◆ TO DO
Each record beneath this line should be returned exactly as it is.
####
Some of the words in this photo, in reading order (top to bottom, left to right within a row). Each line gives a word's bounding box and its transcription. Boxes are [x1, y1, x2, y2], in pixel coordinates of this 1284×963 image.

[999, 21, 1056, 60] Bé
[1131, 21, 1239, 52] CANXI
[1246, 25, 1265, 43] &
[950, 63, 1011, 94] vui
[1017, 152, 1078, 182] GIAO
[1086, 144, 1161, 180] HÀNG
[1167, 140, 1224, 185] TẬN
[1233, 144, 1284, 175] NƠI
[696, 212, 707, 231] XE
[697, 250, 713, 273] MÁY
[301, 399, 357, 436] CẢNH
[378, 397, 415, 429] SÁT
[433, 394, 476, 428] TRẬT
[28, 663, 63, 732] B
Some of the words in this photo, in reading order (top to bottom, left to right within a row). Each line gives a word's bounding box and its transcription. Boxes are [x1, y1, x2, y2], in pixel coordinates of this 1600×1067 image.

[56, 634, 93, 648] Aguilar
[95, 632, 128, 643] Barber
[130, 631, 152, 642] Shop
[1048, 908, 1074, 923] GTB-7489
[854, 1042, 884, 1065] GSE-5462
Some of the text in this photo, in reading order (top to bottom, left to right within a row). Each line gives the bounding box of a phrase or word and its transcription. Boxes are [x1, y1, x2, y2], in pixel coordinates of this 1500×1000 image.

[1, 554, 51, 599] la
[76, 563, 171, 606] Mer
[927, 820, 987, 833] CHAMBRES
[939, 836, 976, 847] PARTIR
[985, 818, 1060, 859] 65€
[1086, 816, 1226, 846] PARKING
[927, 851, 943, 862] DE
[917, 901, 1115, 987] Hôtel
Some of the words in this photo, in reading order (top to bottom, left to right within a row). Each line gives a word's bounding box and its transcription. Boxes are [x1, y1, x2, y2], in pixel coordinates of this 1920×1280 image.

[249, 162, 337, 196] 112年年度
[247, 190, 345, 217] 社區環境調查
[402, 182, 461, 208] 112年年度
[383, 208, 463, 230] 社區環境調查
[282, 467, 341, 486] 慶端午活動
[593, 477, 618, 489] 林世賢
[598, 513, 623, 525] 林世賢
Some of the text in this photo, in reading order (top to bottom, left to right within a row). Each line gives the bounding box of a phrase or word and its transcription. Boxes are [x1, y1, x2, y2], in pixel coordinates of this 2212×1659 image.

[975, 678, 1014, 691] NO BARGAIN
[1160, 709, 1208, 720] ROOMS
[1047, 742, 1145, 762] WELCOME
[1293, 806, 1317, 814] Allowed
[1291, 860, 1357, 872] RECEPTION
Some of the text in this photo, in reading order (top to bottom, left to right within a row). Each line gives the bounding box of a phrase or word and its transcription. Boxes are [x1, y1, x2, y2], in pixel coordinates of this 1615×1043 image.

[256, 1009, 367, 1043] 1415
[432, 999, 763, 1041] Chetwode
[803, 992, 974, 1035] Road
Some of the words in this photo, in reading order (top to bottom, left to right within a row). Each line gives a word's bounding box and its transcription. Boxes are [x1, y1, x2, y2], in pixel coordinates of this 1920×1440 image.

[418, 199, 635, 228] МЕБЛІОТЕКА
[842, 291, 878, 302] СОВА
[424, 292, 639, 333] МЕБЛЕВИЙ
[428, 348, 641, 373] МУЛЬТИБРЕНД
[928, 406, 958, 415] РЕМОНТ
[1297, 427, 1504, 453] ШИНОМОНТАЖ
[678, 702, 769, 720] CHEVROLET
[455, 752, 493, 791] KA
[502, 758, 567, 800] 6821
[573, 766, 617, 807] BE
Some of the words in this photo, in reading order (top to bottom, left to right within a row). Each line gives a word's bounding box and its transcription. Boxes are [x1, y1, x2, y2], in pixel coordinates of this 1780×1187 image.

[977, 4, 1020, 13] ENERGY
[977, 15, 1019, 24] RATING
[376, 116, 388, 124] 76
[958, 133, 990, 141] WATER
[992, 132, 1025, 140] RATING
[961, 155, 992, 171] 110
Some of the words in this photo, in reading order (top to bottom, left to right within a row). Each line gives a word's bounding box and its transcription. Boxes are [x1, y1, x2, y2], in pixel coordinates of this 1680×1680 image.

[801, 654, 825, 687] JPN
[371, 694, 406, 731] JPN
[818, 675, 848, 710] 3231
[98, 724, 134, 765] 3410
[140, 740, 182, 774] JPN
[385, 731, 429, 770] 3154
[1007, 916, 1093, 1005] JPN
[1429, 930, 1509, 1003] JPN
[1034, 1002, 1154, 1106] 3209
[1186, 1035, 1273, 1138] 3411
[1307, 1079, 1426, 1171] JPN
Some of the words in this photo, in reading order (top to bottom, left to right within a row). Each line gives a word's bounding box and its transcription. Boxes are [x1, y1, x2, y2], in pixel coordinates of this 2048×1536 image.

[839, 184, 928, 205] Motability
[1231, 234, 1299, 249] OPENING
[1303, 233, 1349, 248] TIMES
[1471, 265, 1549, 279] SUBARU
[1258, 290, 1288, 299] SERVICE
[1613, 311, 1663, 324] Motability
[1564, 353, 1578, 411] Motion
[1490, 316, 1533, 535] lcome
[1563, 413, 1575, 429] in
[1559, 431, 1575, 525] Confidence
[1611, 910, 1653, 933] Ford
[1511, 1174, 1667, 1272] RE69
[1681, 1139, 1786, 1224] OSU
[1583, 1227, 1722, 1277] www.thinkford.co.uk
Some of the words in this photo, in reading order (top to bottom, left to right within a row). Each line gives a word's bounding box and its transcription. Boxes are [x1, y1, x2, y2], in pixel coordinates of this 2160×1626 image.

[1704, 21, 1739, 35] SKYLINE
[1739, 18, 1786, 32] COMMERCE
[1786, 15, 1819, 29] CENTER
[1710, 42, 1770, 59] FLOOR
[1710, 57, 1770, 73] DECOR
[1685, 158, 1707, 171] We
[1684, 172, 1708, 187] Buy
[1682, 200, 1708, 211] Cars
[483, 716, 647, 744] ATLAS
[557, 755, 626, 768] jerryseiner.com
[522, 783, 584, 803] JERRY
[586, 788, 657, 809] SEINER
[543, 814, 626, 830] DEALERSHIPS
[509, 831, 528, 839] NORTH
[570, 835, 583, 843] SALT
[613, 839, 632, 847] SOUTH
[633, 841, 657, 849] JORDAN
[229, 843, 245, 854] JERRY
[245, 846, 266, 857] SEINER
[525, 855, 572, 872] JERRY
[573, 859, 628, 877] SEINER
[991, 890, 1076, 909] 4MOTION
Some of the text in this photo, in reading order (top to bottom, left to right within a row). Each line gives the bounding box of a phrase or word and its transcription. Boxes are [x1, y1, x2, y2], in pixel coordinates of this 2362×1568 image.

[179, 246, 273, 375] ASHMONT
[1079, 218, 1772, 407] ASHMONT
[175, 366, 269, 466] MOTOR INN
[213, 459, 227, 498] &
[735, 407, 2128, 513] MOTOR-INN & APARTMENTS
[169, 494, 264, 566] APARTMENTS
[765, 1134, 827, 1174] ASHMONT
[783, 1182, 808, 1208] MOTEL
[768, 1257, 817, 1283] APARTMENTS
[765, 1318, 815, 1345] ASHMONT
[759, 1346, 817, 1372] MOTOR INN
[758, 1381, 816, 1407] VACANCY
####
◆ RESPONSE
Some of the words in this photo, in reading order (top to bottom, left to right within a row). Each line gives a word's bounding box and its transcription. Boxes are [x1, y1, x2, y2], in pixel coordinates of this 1284×963 image.

[999, 21, 1056, 60] Bé
[1131, 21, 1239, 52] CANXI
[1246, 25, 1265, 43] &
[950, 63, 1011, 94] vui
[1017, 152, 1078, 182] GIAO
[1086, 144, 1161, 180] HÀNG
[1167, 140, 1224, 185] TẬN
[1233, 144, 1284, 175] NƠI
[696, 212, 707, 231] XE
[697, 250, 713, 273] MÁY
[301, 399, 357, 436] CẢNH
[378, 397, 415, 429] SÁT
[433, 394, 476, 428] TRẬT
[28, 663, 63, 732] B
Some of the words in this photo, in reading order (top to bottom, left to right within a row). Each line gives a word's bounding box and its transcription. Boxes are [x1, y1, x2, y2], in pixel coordinates of this 1600×1067 image.

[56, 634, 93, 648] Aguilar
[95, 632, 128, 643] Barber
[130, 631, 152, 642] Shop
[1048, 908, 1074, 923] GTB-7489
[854, 1042, 884, 1065] GSE-5462
Some of the text in this photo, in reading order (top to bottom, left to right within a row). Each line gives the bounding box of a phrase or word and its transcription. Boxes are [x1, y1, x2, y2], in pixel coordinates of this 1500×1000 image.

[1, 554, 51, 599] la
[76, 563, 171, 606] Mer
[927, 820, 987, 833] CHAMBRES
[939, 836, 976, 847] PARTIR
[985, 818, 1060, 859] 65€
[1086, 816, 1226, 846] PARKING
[927, 851, 943, 862] DE
[917, 901, 1115, 987] Hôtel
Some of the words in this photo, in reading order (top to bottom, left to right within a row). Each line gives a word's bounding box and its transcription. Boxes are [x1, y1, x2, y2], in pixel coordinates of this 1920×1280 image.

[249, 162, 337, 196] 112年年度
[247, 190, 345, 217] 社區環境調查
[402, 182, 461, 208] 112年年度
[383, 208, 463, 230] 社區環境調查
[282, 467, 341, 486] 慶端午活動
[593, 477, 618, 489] 林世賢
[598, 513, 623, 525] 林世賢
Some of the text in this photo, in reading order (top to bottom, left to right within a row). Each line gives the bounding box of a phrase or word and its transcription. Boxes are [x1, y1, x2, y2], in pixel coordinates of this 2212×1659 image.

[975, 678, 1014, 691] NO BARGAIN
[1160, 709, 1208, 720] ROOMS
[1047, 742, 1145, 762] WELCOME
[1293, 806, 1317, 814] Allowed
[1291, 860, 1357, 872] RECEPTION
Some of the text in this photo, in reading order (top to bottom, left to right within a row). Each line gives the bounding box of a phrase or word and its transcription. Boxes are [x1, y1, x2, y2], in pixel coordinates of this 1615×1043 image.

[256, 1009, 367, 1043] 1415
[432, 999, 763, 1041] Chetwode
[803, 992, 974, 1035] Road
Some of the words in this photo, in reading order (top to bottom, left to right within a row). Each line gives a word's bounding box and its transcription. Boxes are [x1, y1, x2, y2], in pixel coordinates of this 1920×1440 image.

[418, 199, 635, 228] МЕБЛІОТЕКА
[842, 291, 878, 302] СОВА
[424, 292, 639, 333] МЕБЛЕВИЙ
[428, 348, 641, 373] МУЛЬТИБРЕНД
[928, 406, 958, 415] РЕМОНТ
[1297, 427, 1504, 453] ШИНОМОНТАЖ
[678, 702, 769, 720] CHEVROLET
[455, 752, 493, 791] KA
[502, 758, 567, 800] 6821
[573, 766, 617, 807] BE
Some of the words in this photo, in reading order (top to bottom, left to right within a row). Each line gives a word's bounding box and its transcription. Boxes are [x1, y1, x2, y2], in pixel coordinates of this 1780×1187 image.

[977, 4, 1020, 13] ENERGY
[977, 15, 1019, 24] RATING
[376, 116, 388, 124] 76
[958, 133, 990, 141] WATER
[992, 132, 1025, 140] RATING
[961, 155, 992, 171] 110
Some of the words in this photo, in reading order (top to bottom, left to right within a row). Each line gives a word's bounding box and its transcription. Boxes are [x1, y1, x2, y2], in pixel coordinates of this 1680×1680 image.

[801, 654, 825, 687] JPN
[371, 694, 406, 731] JPN
[818, 675, 848, 710] 3231
[98, 724, 134, 765] 3410
[140, 740, 182, 774] JPN
[385, 731, 429, 770] 3154
[1007, 916, 1093, 1005] JPN
[1429, 930, 1509, 1003] JPN
[1034, 1002, 1154, 1106] 3209
[1186, 1035, 1273, 1138] 3411
[1307, 1079, 1426, 1171] JPN
Some of the words in this photo, in reading order (top to bottom, left to right within a row). Each line gives a word's bounding box and its transcription. Boxes are [x1, y1, x2, y2], in pixel coordinates of this 2048×1536 image.

[839, 184, 928, 205] Motability
[1231, 234, 1299, 249] OPENING
[1303, 233, 1349, 248] TIMES
[1471, 265, 1549, 279] SUBARU
[1258, 290, 1288, 299] SERVICE
[1613, 311, 1663, 324] Motability
[1564, 353, 1578, 411] Motion
[1490, 316, 1533, 535] lcome
[1563, 413, 1575, 429] in
[1559, 431, 1575, 525] Confidence
[1611, 910, 1653, 933] Ford
[1511, 1174, 1667, 1272] RE69
[1681, 1139, 1786, 1224] OSU
[1583, 1227, 1722, 1277] www.thinkford.co.uk
Some of the words in this photo, in reading order (top to bottom, left to right within a row). Each line gives a word's bounding box and its transcription. Boxes are [x1, y1, x2, y2], in pixel coordinates of this 2160×1626 image.

[1704, 21, 1739, 35] SKYLINE
[1739, 18, 1786, 32] COMMERCE
[1786, 15, 1819, 29] CENTER
[1710, 42, 1770, 59] FLOOR
[1710, 57, 1770, 73] DECOR
[1685, 158, 1707, 171] We
[1684, 172, 1708, 187] Buy
[1682, 200, 1708, 211] Cars
[483, 716, 647, 744] ATLAS
[557, 755, 626, 768] jerryseiner.com
[522, 783, 584, 803] JERRY
[586, 788, 657, 809] SEINER
[543, 814, 626, 830] DEALERSHIPS
[509, 831, 528, 839] NORTH
[570, 835, 583, 843] SALT
[613, 839, 632, 847] SOUTH
[633, 841, 657, 849] JORDAN
[229, 843, 245, 854] JERRY
[245, 846, 266, 857] SEINER
[525, 855, 572, 872] JERRY
[573, 859, 628, 877] SEINER
[991, 890, 1076, 909] 4MOTION
Some of the text in this photo, in reading order (top to bottom, left to right within a row). Each line gives the bounding box of a phrase or word and its transcription. Boxes are [x1, y1, x2, y2], in pixel coordinates of this 2362×1568 image.

[179, 246, 273, 375] ASHMONT
[1079, 218, 1772, 407] ASHMONT
[175, 366, 269, 466] MOTOR INN
[213, 459, 227, 498] &
[735, 407, 2128, 513] MOTOR-INN & APARTMENTS
[169, 494, 264, 566] APARTMENTS
[765, 1134, 827, 1174] ASHMONT
[783, 1182, 808, 1208] MOTEL
[768, 1257, 817, 1283] APARTMENTS
[765, 1318, 815, 1345] ASHMONT
[759, 1346, 817, 1372] MOTOR INN
[758, 1381, 816, 1407] VACANCY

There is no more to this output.